## Exercise description:
Nothing but the lines from the one with "this 1288×966 image." through the end of the records below should be written out, and each must match word for word.

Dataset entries
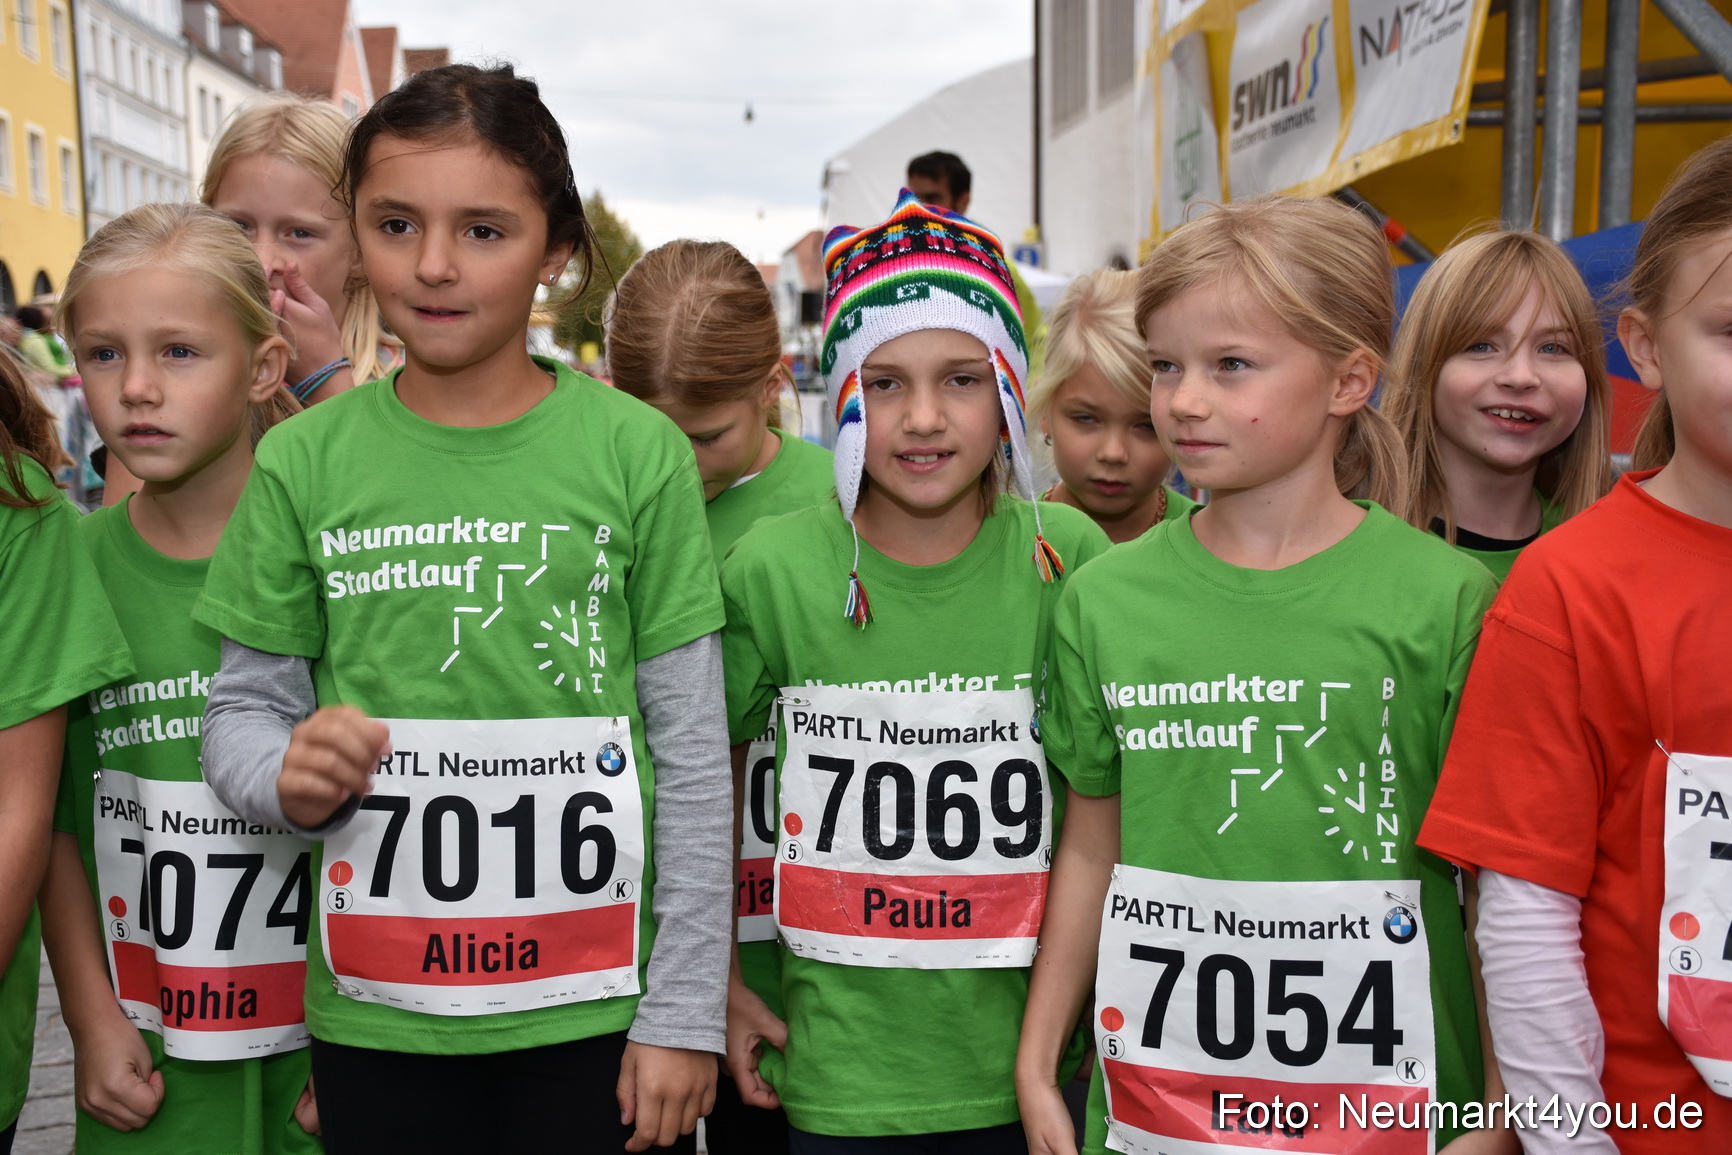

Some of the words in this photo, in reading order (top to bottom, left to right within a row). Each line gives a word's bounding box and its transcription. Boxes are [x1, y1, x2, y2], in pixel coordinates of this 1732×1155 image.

[320, 515, 526, 557] Neumarkter
[326, 555, 483, 599] Stadtlauf
[587, 525, 611, 693] BAMBINI
[88, 670, 219, 714] eumark
[1101, 673, 1304, 710] Neumarkter
[792, 711, 872, 742] PARTL
[879, 719, 1019, 745] Neumarkt
[370, 750, 430, 777] RTL
[438, 750, 586, 777] Neumarkt
[808, 753, 1043, 862] 7069
[358, 791, 617, 903] 7016
[788, 843, 797, 861] 5
[120, 838, 313, 951] 7074
[335, 891, 345, 910] 5
[615, 881, 627, 899] K
[864, 887, 972, 929] Paula
[116, 922, 125, 938] 5
[1110, 893, 1205, 933] PARTL
[1213, 909, 1371, 940] Neumarkt
[421, 931, 540, 975] Alicia
[1679, 950, 1692, 971] 5
[160, 981, 258, 1027] ophia
[1129, 943, 1404, 1067] 7054
[1108, 1038, 1118, 1056] 5
[1404, 1061, 1417, 1080] K
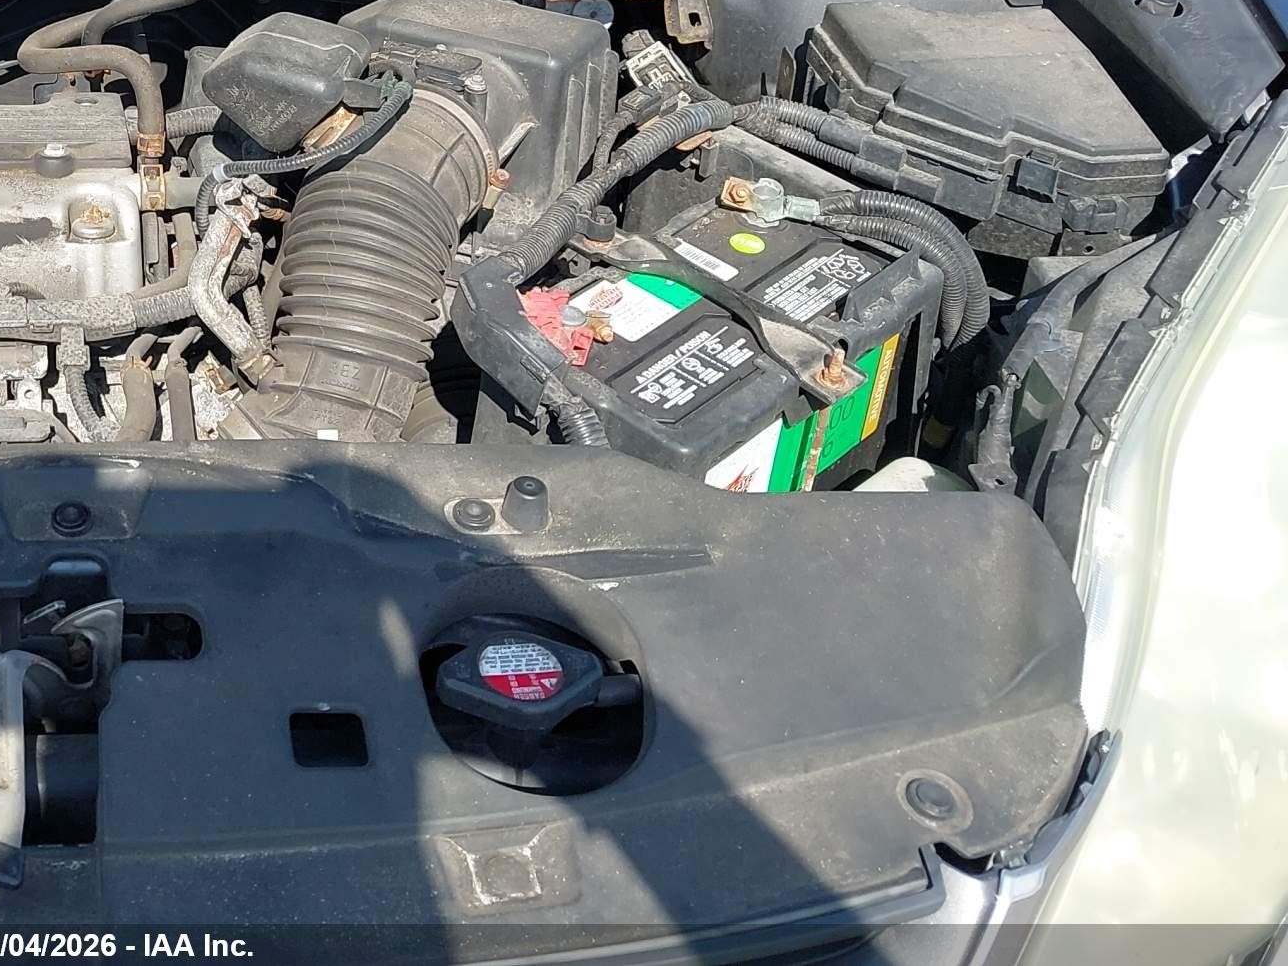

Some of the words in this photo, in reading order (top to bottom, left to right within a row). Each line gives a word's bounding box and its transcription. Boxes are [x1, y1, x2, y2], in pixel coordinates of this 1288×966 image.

[642, 354, 677, 383] DANGER
[680, 330, 712, 354] POISON
[869, 348, 894, 421] AUTOMOTIVE

## Solution for this exercise:
Some of the words in this photo, in reading order (top to bottom, left to right within a row). Each line gives a word's bounding box and its transcription. Boxes are [x1, y1, x2, y2], in pixel coordinates of this 1288×966 image.

[642, 354, 677, 383] DANGER
[680, 330, 712, 354] POISON
[869, 348, 894, 421] AUTOMOTIVE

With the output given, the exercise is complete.